*What the task asks*
Every record here needs to be written out again exactly.

* * * *

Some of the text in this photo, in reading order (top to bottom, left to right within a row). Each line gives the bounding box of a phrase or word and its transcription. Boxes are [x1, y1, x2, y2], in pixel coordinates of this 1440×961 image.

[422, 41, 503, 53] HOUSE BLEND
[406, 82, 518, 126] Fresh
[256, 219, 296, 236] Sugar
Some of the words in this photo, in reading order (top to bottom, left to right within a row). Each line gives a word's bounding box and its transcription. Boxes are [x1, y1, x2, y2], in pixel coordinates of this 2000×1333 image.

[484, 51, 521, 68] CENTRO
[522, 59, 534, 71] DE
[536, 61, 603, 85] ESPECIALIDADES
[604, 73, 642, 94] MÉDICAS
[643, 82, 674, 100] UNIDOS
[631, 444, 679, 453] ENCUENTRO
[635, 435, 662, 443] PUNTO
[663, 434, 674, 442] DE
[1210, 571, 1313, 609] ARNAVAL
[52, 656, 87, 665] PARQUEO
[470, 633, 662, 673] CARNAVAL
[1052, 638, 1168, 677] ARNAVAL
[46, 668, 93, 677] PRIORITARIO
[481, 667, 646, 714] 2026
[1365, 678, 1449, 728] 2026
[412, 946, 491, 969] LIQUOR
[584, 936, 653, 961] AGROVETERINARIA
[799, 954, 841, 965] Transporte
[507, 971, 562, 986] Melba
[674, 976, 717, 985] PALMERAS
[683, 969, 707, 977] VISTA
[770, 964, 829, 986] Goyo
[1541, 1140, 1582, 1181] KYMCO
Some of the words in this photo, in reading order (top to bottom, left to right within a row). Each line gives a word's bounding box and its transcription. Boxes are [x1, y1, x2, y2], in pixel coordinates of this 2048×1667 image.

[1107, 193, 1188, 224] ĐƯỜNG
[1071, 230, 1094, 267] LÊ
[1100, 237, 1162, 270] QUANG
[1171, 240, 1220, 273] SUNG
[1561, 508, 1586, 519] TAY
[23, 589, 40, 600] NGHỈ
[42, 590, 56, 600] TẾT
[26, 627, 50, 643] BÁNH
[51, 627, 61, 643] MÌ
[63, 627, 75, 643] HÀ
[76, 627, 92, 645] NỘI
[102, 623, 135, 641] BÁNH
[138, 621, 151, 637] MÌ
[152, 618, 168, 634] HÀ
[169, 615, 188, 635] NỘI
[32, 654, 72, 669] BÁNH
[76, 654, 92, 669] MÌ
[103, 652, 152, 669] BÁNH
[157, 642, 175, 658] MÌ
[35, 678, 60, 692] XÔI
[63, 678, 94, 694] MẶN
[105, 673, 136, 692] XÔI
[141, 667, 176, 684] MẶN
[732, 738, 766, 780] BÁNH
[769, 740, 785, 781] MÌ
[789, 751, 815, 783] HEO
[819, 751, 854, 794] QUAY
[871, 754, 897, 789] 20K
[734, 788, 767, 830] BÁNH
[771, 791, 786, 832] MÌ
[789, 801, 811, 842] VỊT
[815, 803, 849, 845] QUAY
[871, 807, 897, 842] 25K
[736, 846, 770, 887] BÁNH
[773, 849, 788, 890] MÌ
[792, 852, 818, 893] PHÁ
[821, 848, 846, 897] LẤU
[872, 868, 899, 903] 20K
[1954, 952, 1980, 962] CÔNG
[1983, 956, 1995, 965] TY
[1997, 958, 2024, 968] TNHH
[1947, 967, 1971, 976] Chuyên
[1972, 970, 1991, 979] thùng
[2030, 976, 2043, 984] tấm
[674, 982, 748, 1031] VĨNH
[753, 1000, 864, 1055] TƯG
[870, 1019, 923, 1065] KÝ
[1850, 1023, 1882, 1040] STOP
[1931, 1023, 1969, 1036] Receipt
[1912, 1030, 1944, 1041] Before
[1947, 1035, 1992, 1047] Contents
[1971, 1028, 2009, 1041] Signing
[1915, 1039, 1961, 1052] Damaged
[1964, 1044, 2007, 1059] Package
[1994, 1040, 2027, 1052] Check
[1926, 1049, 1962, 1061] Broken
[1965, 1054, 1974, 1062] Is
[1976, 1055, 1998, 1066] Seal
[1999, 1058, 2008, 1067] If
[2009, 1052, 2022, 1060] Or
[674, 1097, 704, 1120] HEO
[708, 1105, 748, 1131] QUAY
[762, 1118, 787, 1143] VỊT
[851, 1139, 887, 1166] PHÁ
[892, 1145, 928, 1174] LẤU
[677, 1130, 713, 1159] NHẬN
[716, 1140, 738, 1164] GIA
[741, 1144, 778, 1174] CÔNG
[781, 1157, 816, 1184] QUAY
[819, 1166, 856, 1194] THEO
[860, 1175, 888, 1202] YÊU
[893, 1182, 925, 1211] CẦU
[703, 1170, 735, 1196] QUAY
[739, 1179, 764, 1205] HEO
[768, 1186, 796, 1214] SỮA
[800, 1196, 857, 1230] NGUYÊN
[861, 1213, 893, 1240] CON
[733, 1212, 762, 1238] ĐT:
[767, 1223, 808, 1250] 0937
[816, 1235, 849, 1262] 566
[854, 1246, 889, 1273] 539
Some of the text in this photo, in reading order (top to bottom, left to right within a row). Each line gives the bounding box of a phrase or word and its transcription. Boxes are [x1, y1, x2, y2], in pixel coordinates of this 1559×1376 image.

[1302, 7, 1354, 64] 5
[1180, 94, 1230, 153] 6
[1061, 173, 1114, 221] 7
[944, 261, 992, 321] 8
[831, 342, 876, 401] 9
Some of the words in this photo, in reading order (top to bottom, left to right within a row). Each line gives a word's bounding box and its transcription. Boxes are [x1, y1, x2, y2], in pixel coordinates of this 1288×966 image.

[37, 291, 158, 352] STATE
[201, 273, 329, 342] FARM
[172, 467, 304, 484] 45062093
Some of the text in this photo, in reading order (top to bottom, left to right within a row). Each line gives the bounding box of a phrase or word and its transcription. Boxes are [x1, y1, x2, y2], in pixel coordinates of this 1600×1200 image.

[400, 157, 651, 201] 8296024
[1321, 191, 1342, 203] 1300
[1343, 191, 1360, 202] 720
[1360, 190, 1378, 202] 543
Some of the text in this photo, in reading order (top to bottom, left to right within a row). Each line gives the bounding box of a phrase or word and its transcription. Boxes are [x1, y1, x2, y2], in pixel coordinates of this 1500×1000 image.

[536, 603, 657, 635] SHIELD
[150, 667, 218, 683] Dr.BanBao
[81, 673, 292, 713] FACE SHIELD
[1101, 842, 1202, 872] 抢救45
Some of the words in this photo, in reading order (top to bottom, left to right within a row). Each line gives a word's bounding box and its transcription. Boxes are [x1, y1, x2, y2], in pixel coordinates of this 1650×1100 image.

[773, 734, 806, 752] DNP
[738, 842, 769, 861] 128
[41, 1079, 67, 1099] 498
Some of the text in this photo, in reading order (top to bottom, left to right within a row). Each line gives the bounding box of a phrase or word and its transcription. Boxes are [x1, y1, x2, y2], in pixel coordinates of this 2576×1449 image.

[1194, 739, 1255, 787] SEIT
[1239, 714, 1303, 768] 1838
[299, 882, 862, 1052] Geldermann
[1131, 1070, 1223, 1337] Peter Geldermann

* * * *

*Final answer*
Some of the text in this photo, in reading order (top to bottom, left to right within a row). Each line gives the bounding box of a phrase or word and its transcription. Boxes are [x1, y1, x2, y2], in pixel coordinates of this 1440×961 image.

[422, 41, 503, 53] HOUSE BLEND
[406, 82, 518, 126] Fresh
[256, 219, 296, 236] Sugar
Some of the words in this photo, in reading order (top to bottom, left to right within a row). Each line gives a word's bounding box and its transcription. Boxes are [x1, y1, x2, y2], in pixel coordinates of this 2000×1333 image.

[484, 51, 521, 68] CENTRO
[522, 59, 534, 71] DE
[536, 61, 603, 85] ESPECIALIDADES
[604, 73, 642, 94] MÉDICAS
[643, 82, 674, 100] UNIDOS
[631, 444, 679, 453] ENCUENTRO
[635, 435, 662, 443] PUNTO
[663, 434, 674, 442] DE
[1210, 571, 1313, 609] ARNAVAL
[52, 656, 87, 665] PARQUEO
[470, 633, 662, 673] CARNAVAL
[1052, 638, 1168, 677] ARNAVAL
[46, 668, 93, 677] PRIORITARIO
[481, 667, 646, 714] 2026
[1365, 678, 1449, 728] 2026
[412, 946, 491, 969] LIQUOR
[584, 936, 653, 961] AGROVETERINARIA
[799, 954, 841, 965] Transporte
[507, 971, 562, 986] Melba
[674, 976, 717, 985] PALMERAS
[683, 969, 707, 977] VISTA
[770, 964, 829, 986] Goyo
[1541, 1140, 1582, 1181] KYMCO
Some of the words in this photo, in reading order (top to bottom, left to right within a row). Each line gives a word's bounding box and its transcription. Boxes are [x1, y1, x2, y2], in pixel coordinates of this 2048×1667 image.

[1107, 193, 1188, 224] ĐƯỜNG
[1071, 230, 1094, 267] LÊ
[1100, 237, 1162, 270] QUANG
[1171, 240, 1220, 273] SUNG
[1561, 508, 1586, 519] TAY
[23, 589, 40, 600] NGHỈ
[42, 590, 56, 600] TẾT
[26, 627, 50, 643] BÁNH
[51, 627, 61, 643] MÌ
[63, 627, 75, 643] HÀ
[76, 627, 92, 645] NỘI
[102, 623, 135, 641] BÁNH
[138, 621, 151, 637] MÌ
[152, 618, 168, 634] HÀ
[169, 615, 188, 635] NỘI
[32, 654, 72, 669] BÁNH
[76, 654, 92, 669] MÌ
[103, 652, 152, 669] BÁNH
[157, 642, 175, 658] MÌ
[35, 678, 60, 692] XÔI
[63, 678, 94, 694] MẶN
[105, 673, 136, 692] XÔI
[141, 667, 176, 684] MẶN
[732, 738, 766, 780] BÁNH
[769, 740, 785, 781] MÌ
[789, 751, 815, 783] HEO
[819, 751, 854, 794] QUAY
[871, 754, 897, 789] 20K
[734, 788, 767, 830] BÁNH
[771, 791, 786, 832] MÌ
[789, 801, 811, 842] VỊT
[815, 803, 849, 845] QUAY
[871, 807, 897, 842] 25K
[736, 846, 770, 887] BÁNH
[773, 849, 788, 890] MÌ
[792, 852, 818, 893] PHÁ
[821, 848, 846, 897] LẤU
[872, 868, 899, 903] 20K
[1954, 952, 1980, 962] CÔNG
[1983, 956, 1995, 965] TY
[1997, 958, 2024, 968] TNHH
[1947, 967, 1971, 976] Chuyên
[1972, 970, 1991, 979] thùng
[2030, 976, 2043, 984] tấm
[674, 982, 748, 1031] VĨNH
[753, 1000, 864, 1055] TƯG
[870, 1019, 923, 1065] KÝ
[1850, 1023, 1882, 1040] STOP
[1931, 1023, 1969, 1036] Receipt
[1912, 1030, 1944, 1041] Before
[1947, 1035, 1992, 1047] Contents
[1971, 1028, 2009, 1041] Signing
[1915, 1039, 1961, 1052] Damaged
[1964, 1044, 2007, 1059] Package
[1994, 1040, 2027, 1052] Check
[1926, 1049, 1962, 1061] Broken
[1965, 1054, 1974, 1062] Is
[1976, 1055, 1998, 1066] Seal
[1999, 1058, 2008, 1067] If
[2009, 1052, 2022, 1060] Or
[674, 1097, 704, 1120] HEO
[708, 1105, 748, 1131] QUAY
[762, 1118, 787, 1143] VỊT
[851, 1139, 887, 1166] PHÁ
[892, 1145, 928, 1174] LẤU
[677, 1130, 713, 1159] NHẬN
[716, 1140, 738, 1164] GIA
[741, 1144, 778, 1174] CÔNG
[781, 1157, 816, 1184] QUAY
[819, 1166, 856, 1194] THEO
[860, 1175, 888, 1202] YÊU
[893, 1182, 925, 1211] CẦU
[703, 1170, 735, 1196] QUAY
[739, 1179, 764, 1205] HEO
[768, 1186, 796, 1214] SỮA
[800, 1196, 857, 1230] NGUYÊN
[861, 1213, 893, 1240] CON
[733, 1212, 762, 1238] ĐT:
[767, 1223, 808, 1250] 0937
[816, 1235, 849, 1262] 566
[854, 1246, 889, 1273] 539
Some of the text in this photo, in reading order (top to bottom, left to right within a row). Each line gives the bounding box of a phrase or word and its transcription. Boxes are [x1, y1, x2, y2], in pixel coordinates of this 1559×1376 image.

[1302, 7, 1354, 64] 5
[1180, 94, 1230, 153] 6
[1061, 173, 1114, 221] 7
[944, 261, 992, 321] 8
[831, 342, 876, 401] 9
Some of the words in this photo, in reading order (top to bottom, left to right within a row). Each line gives a word's bounding box and its transcription. Boxes are [x1, y1, x2, y2], in pixel coordinates of this 1288×966 image.

[37, 291, 158, 352] STATE
[201, 273, 329, 342] FARM
[172, 467, 304, 484] 45062093
Some of the text in this photo, in reading order (top to bottom, left to right within a row). Each line gives the bounding box of a phrase or word and its transcription. Boxes are [x1, y1, x2, y2], in pixel coordinates of this 1600×1200 image.

[400, 157, 651, 201] 8296024
[1321, 191, 1342, 203] 1300
[1343, 191, 1360, 202] 720
[1360, 190, 1378, 202] 543
Some of the text in this photo, in reading order (top to bottom, left to right within a row). Each line gives the bounding box of a phrase or word and its transcription. Boxes are [x1, y1, x2, y2], in pixel coordinates of this 1500×1000 image.

[536, 603, 657, 635] SHIELD
[150, 667, 218, 683] Dr.BanBao
[81, 673, 292, 713] FACE SHIELD
[1101, 842, 1202, 872] 抢救45
Some of the words in this photo, in reading order (top to bottom, left to right within a row). Each line gives a word's bounding box and its transcription. Boxes are [x1, y1, x2, y2], in pixel coordinates of this 1650×1100 image.

[773, 734, 806, 752] DNP
[738, 842, 769, 861] 128
[41, 1079, 67, 1099] 498
Some of the text in this photo, in reading order (top to bottom, left to right within a row). Each line gives the bounding box of a phrase or word and its transcription. Boxes are [x1, y1, x2, y2], in pixel coordinates of this 2576×1449 image.

[1194, 739, 1255, 787] SEIT
[1239, 714, 1303, 768] 1838
[299, 882, 862, 1052] Geldermann
[1131, 1070, 1223, 1337] Peter Geldermann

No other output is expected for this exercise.